- Your goal
Omit every picture and output the rest of the records exactly as they are.

- Records supplied
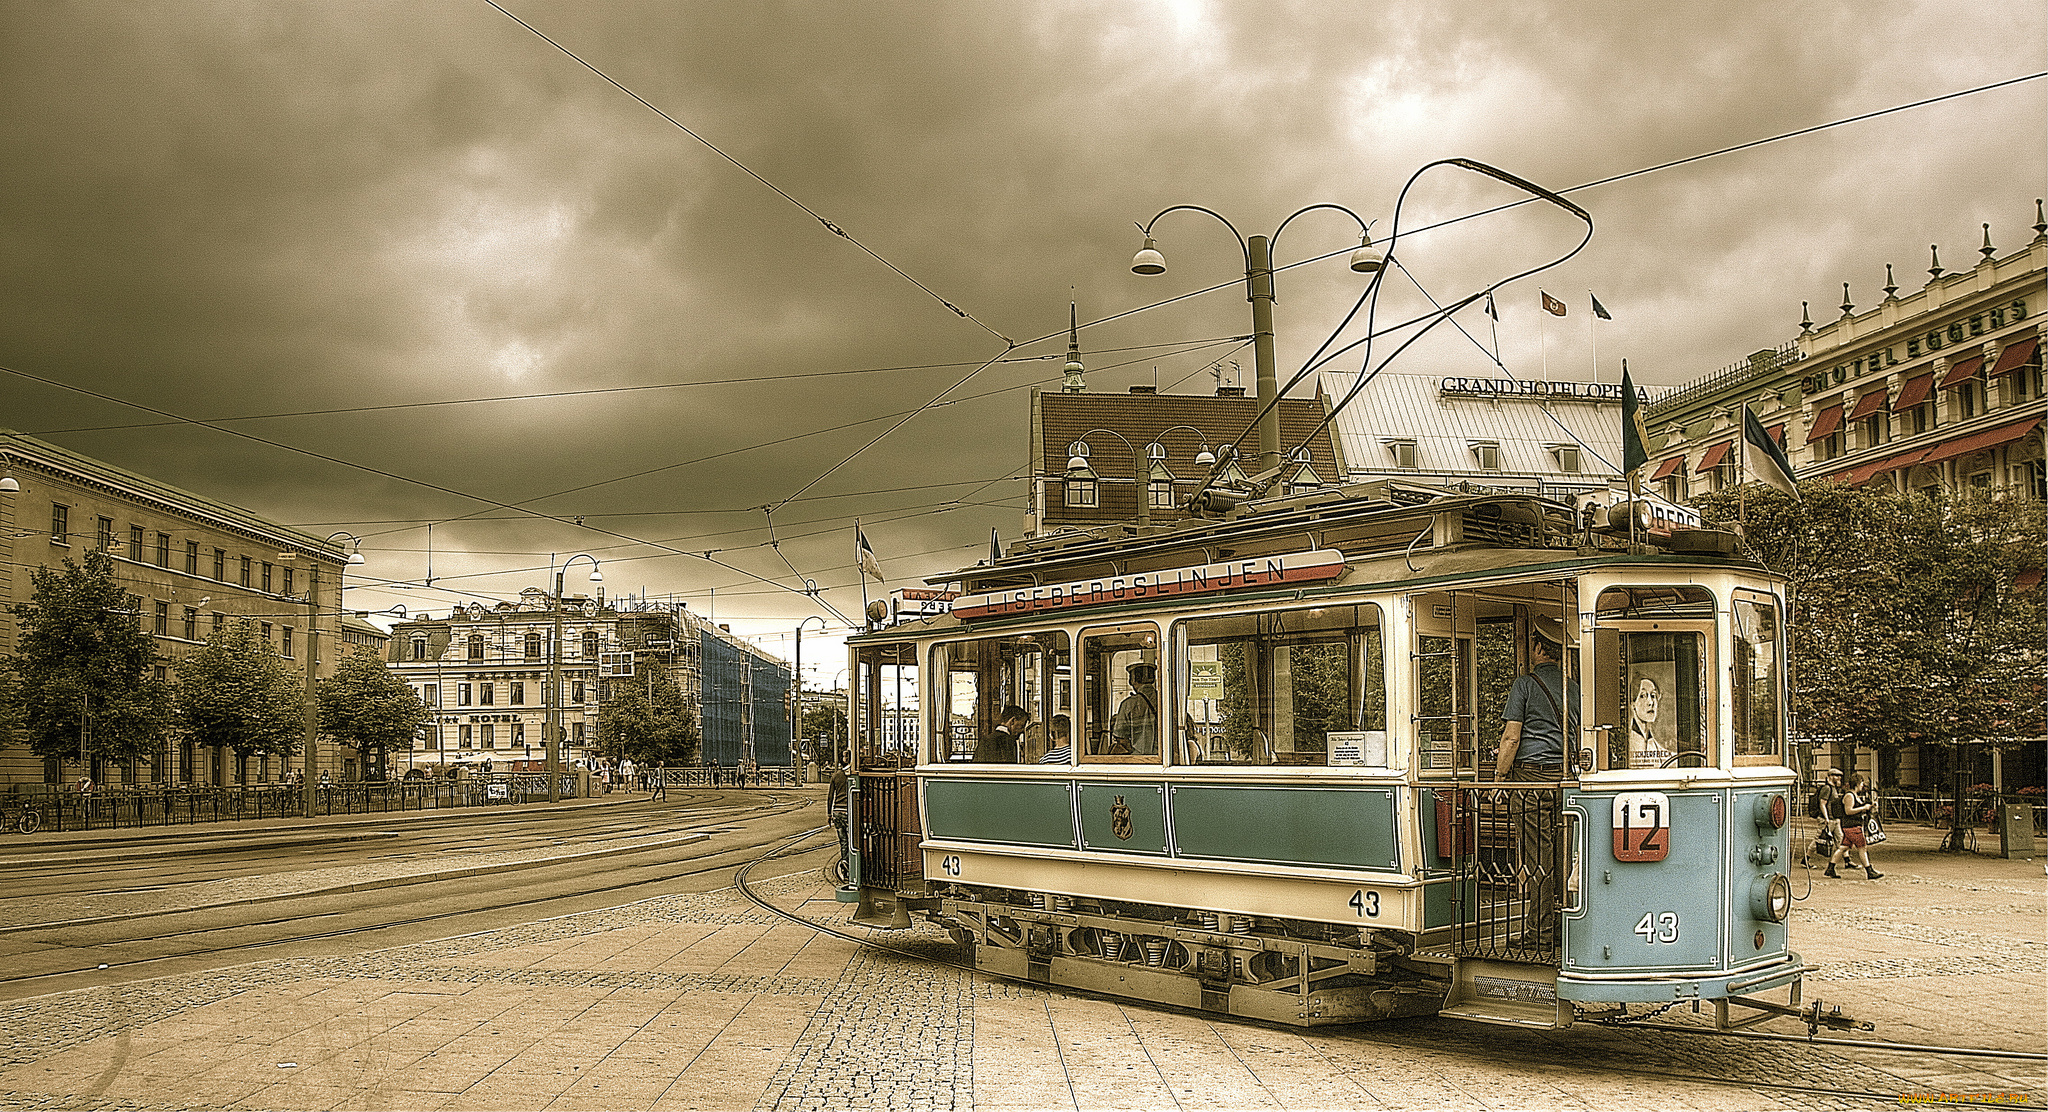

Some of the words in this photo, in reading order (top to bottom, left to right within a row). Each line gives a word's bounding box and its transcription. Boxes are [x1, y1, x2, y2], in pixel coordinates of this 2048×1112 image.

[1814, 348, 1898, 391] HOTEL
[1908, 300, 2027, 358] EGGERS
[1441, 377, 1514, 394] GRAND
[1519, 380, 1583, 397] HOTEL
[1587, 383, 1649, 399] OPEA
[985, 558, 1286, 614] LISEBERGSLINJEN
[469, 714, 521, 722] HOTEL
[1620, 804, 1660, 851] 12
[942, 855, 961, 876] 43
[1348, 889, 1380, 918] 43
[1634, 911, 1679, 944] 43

- Task result
Some of the words in this photo, in reading order (top to bottom, left to right within a row). Each line gives a word's bounding box and its transcription. Boxes are [x1, y1, x2, y2], in pixel coordinates of this 2048×1112 image.

[1814, 348, 1898, 391] HOTEL
[1908, 300, 2027, 358] EGGERS
[1441, 377, 1514, 394] GRAND
[1519, 380, 1583, 397] HOTEL
[1587, 383, 1649, 399] OPEA
[985, 558, 1286, 614] LISEBERGSLINJEN
[469, 714, 521, 722] HOTEL
[1620, 804, 1660, 851] 12
[942, 855, 961, 876] 43
[1348, 889, 1380, 918] 43
[1634, 911, 1679, 944] 43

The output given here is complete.